We build our programs on research. We cite our sources. And we hold ourselves accountable to outcomes, not just attendance.

20%
Black Americans more likely to experience serious mental health challenges than the general population
Mental Health America · NSDUH 2021
39%
Of Black Americans with mental health concerns who received care — vs. 52% of white Americans
National Survey on Drug Use & Health, 2021
4%
Of U.S. psychologists are Black — creating a chronic shortage of culturally competent care
University of Michigan SPH, 2024
60%
Of Black girls nationally have experienced some form of sexual abuse before age 18
California Black Women's Health Project
The Research Base

What the Evidence Tells Us

Arts-Based Healing Works

The U.S. Department of Health and Human Services confirms that creative arts serve as powerful health interventions for Black Americans — strengthening coping skills and fostering healing from racial trauma. A music-based mindfulness intervention tailored to Black and African Americans showed measurable promise in reducing race-based anxiety.

Expressive arts therapy is documented as especially effective for Black individuals navigating systemic barriers to traditional mental health care. When traditional systems fail communities, creative practice fills the gap — as a culturally resonant primary intervention, not a workaround.

HHS Office of Minority Health, 2024 · Clark University Expressive Arts Study · University of Michigan MSUToday, 2024

The Mental Health Crisis Is Acute

Black American suicide rates increased 58% between 2011 and 2021, with suicide becoming the third leading cause of death for Black Americans ages 15–24 by 2020. The mental health crisis facing Black adolescent girls is inseparable from the adultification bias, school push-out, and systemic trauma they face daily.

Black girls are suspended at six times the rate of white girls and face adultification bias — being treated as older and less innocent than their peers — as early as age five. These are not isolated facts. They are a system our programs exist to interrupt.

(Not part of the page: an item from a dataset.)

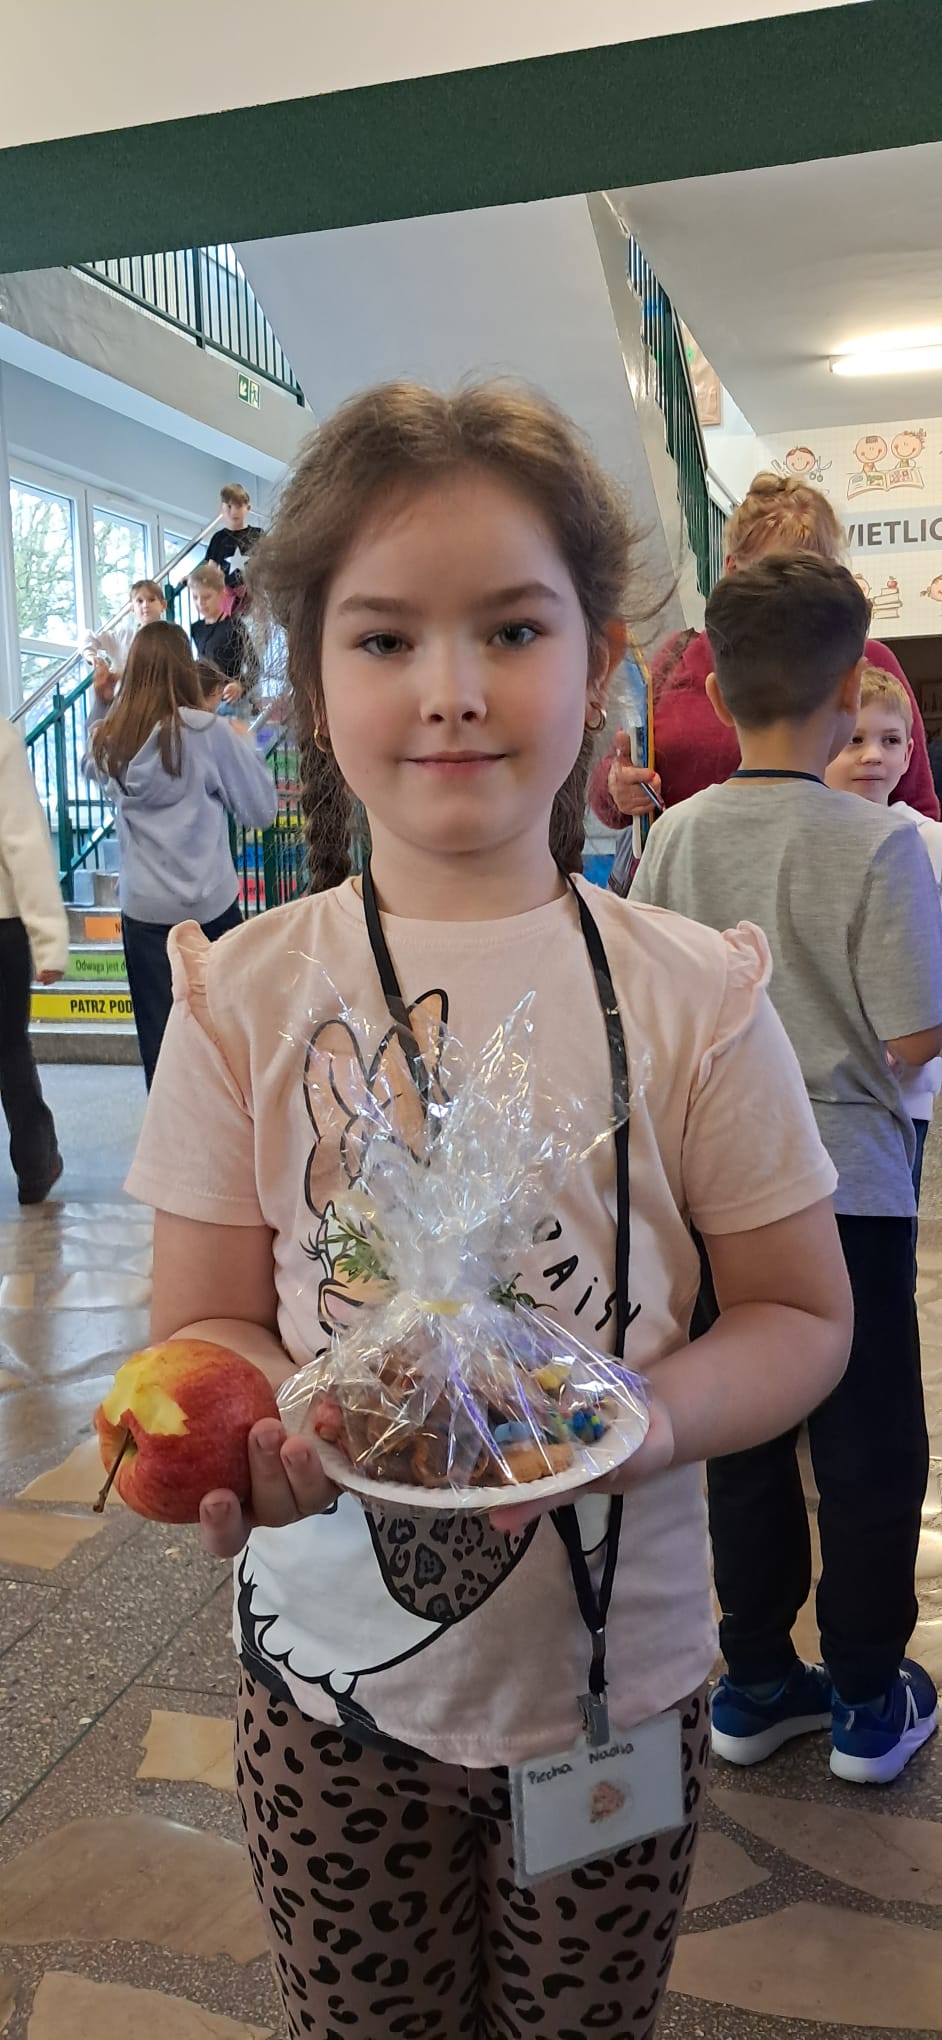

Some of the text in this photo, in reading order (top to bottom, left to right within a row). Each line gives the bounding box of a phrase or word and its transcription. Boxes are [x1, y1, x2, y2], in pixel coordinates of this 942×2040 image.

[75, 959, 105, 974] Odwaga
[70, 999, 133, 1014] PATRZ POD

CDC · University of Michigan SPH, 2024 · Georgetown Law Center on Poverty and Inequality

Food Insecurity Affects Learning

In 2024, 47.9 million people lived in food-insecure households, including 14.1 million children. Single-parent households — disproportionately headed by Black and Brown women — face the highest rates. Research consistently shows hunger impairs cognitive function, emotional regulation, and academic performance.

This is why we feed our participants at every session. A real meal is not a perk. It is a prerequisite for the work.

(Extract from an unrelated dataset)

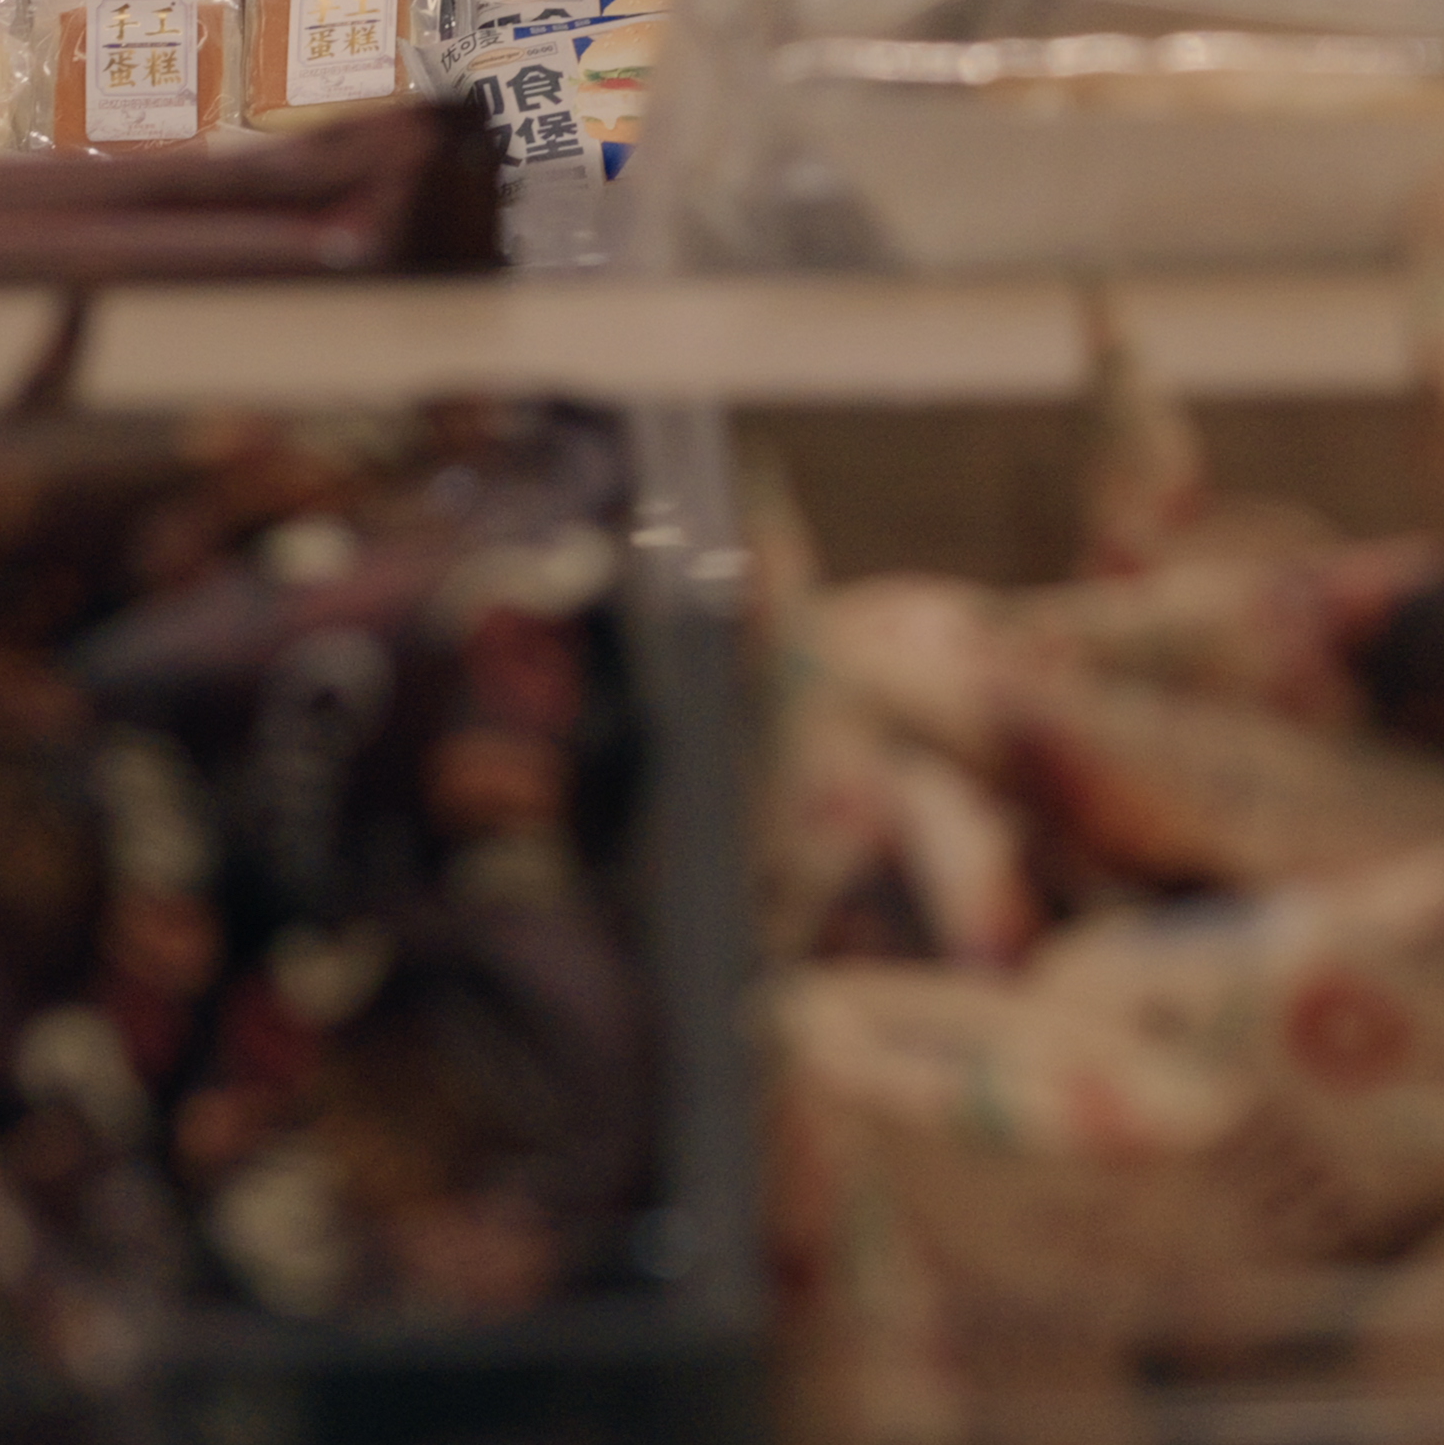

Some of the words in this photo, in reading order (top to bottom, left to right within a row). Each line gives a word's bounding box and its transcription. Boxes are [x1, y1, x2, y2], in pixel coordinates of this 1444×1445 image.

[103, 3, 182, 41] 手工
[303, 26, 380, 61] 蛋糕
[439, 27, 505, 73] 优可麦
[102, 49, 182, 89] 蛋糕

USDA/ERS Household Food Security Report, December 2025 · FRAC Food Research & Action Center, 2026

Community Heals

Research from the California Black Women's Health Project documents that mental health resources in the Black community are both limited and overtaxed. The absence of culturally responsive, safe community spaces is itself a public health crisis — one that community-based organizations are best positioned to address.

Sister circles, peer accountability structures, and healing-centered communal spaces reduce isolation, increase help-seeking behavior, and build the kind of trust that clinical settings cannot manufacture. Community is not supplemental. It is the intervention.

California Black Women's Health Project · Black Women's Mental Health Institute
"When Black, Brown, and Indigenous women are gathered intentionally — resourced, held, and affirmed — something extraordinary happens. Not just to the individual. To the family. To the community. To the ecosystem around them."
Black Girl Assembly · Mission Statement
What We Measure

Transformation,
Not Just Attendance

We do not measure these girls and women against deficit-based benchmarks designed for someone else's standard. We measure what actually matters — and we are transparent about what we find.

Every cohort completes pre and post self-assessments. Facilitators document observations by participant, by name. Families complete surveys six weeks after program completion. Every alumna receives a six-month check-in. Their answers shape how the work evolves.

We also refuse to perform impact for investor consumption. What we report matches what we observe. If the work is not working, we will say so first.